Volume 22, Number 5—May 2016
Astrovirus MLB2, a New Gastroenteric Virus Associated with Meningitis and Disseminated Infection
Next-generation sequencing has identified novel astroviruses for which a pathogenic role is not clearly defined. We identified astrovirus MLB2 infection in an immunocompetent case-patient and an immunocompromised patient who experienced diverse clinical manifestations, notably, meningitis and disseminated infection. The initial case-patient was identified by next-generation sequencing, which revealed astrovirus MLB2 RNA in cerebrospinal fluid, plasma, urine, and anal swab specimens. We then used specific real-time reverse transcription PCR to screen 943 fecal and 424 cerebrospinal fluid samples from hospitalized patients and identified a second case of meningitis, with positive results for the agent in the patient’s feces and plasma. This screening revealed 5 additional positive fecal samples: 1 from an infant with acute diarrhea and 4 from children who had received transplants. Our findings demonstrate that astrovirus MLB2, which is highly prevalent in feces, can disseminate outside the digestive tract and is an unrecognized cause of central nervous system infection.
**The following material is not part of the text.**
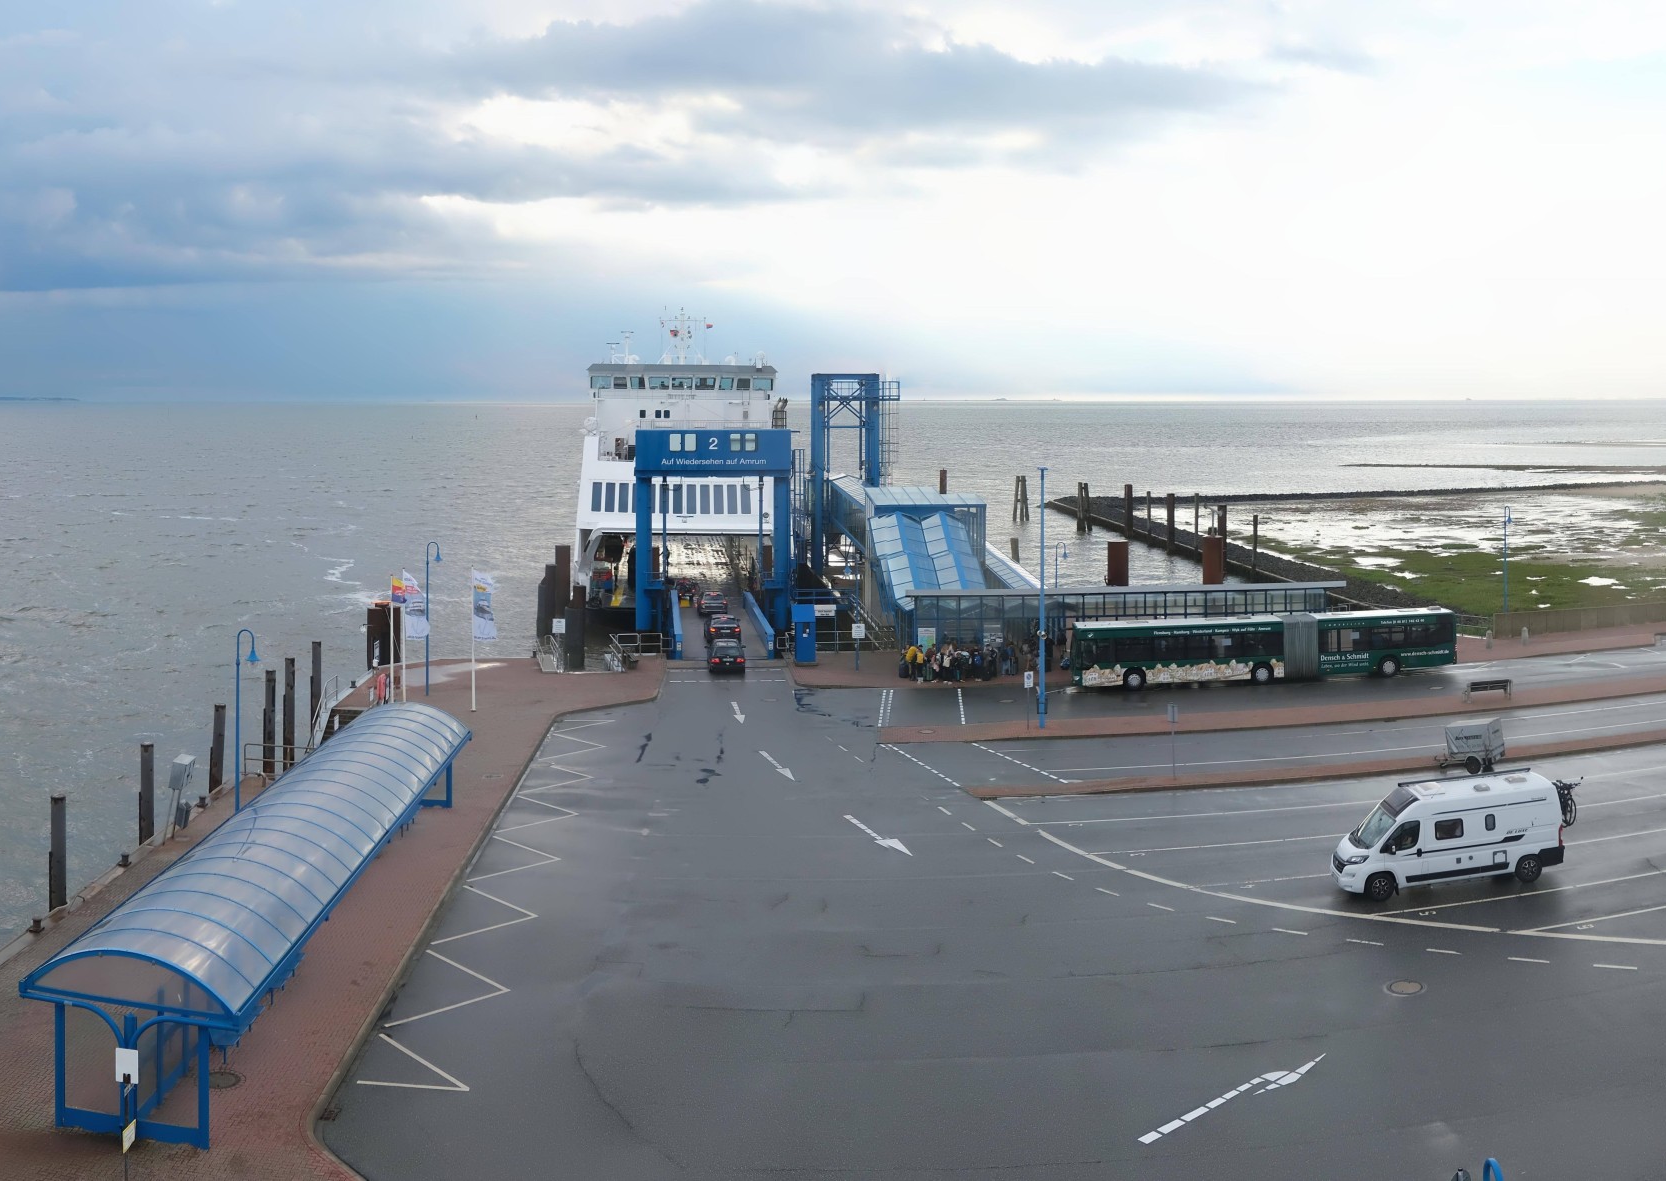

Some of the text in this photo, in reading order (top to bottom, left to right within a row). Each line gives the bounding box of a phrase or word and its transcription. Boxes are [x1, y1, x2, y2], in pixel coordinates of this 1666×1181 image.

Astroviruses, family Astroviridae, are small, nonenveloped, single-stranded RNA viruses. The family comprises 2 genera: Mamastrovirus species infect mammals, including humans, and Avastrovirus species infect poultry and other birds. Human astroviruses (HAstVs) were first identified in 1975 (1); until recently, only classic HAstVs that belonged to the species Mamastrovirus (MAstV) 1 were recognized as human pathogens. HAstVs contribute to ≈10% of nonbacterial, sporadic gastroenteritis in children, with the highest prevalence observed in community healthcare centers (2,3). Symptoms are generally mild, with patient hospitalization usually not required; asymptomatic carriage has been described in 2% of children (4).
Screening of fecal samples from persons with diarrhea and control samples in different parts of the world by unbiased next-generation sequencing (NGS) or reverse transcription PCR (RT-PCR) has revealed the sporadic presence of members of the Astroviridae family, previously unrecognized in humans, that are phylogenetically substantially distant from classic HAstVs (3,5–9). These viruses have been named HAstV-VA/HMO and HAstV-MLB, for Virginia, human-mink-ovine, and Melbourne, respectively, according to the place where they were first identified and their close phylogenetic distance to animal astroviruses; these viruses belong to distinct species (10).
Cellular receptors and targeted cells for these viruses are unknown and, to date, novel astroviruses have not been culturable. Although the primary site of astroviral replication seems to be the gastrointestinal tract, disseminated diseases and encephalitis have been associated with infection with classic and nonclassic astroviruses (11–16). In animals, astroviruses also have the potential to target other organs; hepatitis and nephritis have been observed in avian infections (4,17).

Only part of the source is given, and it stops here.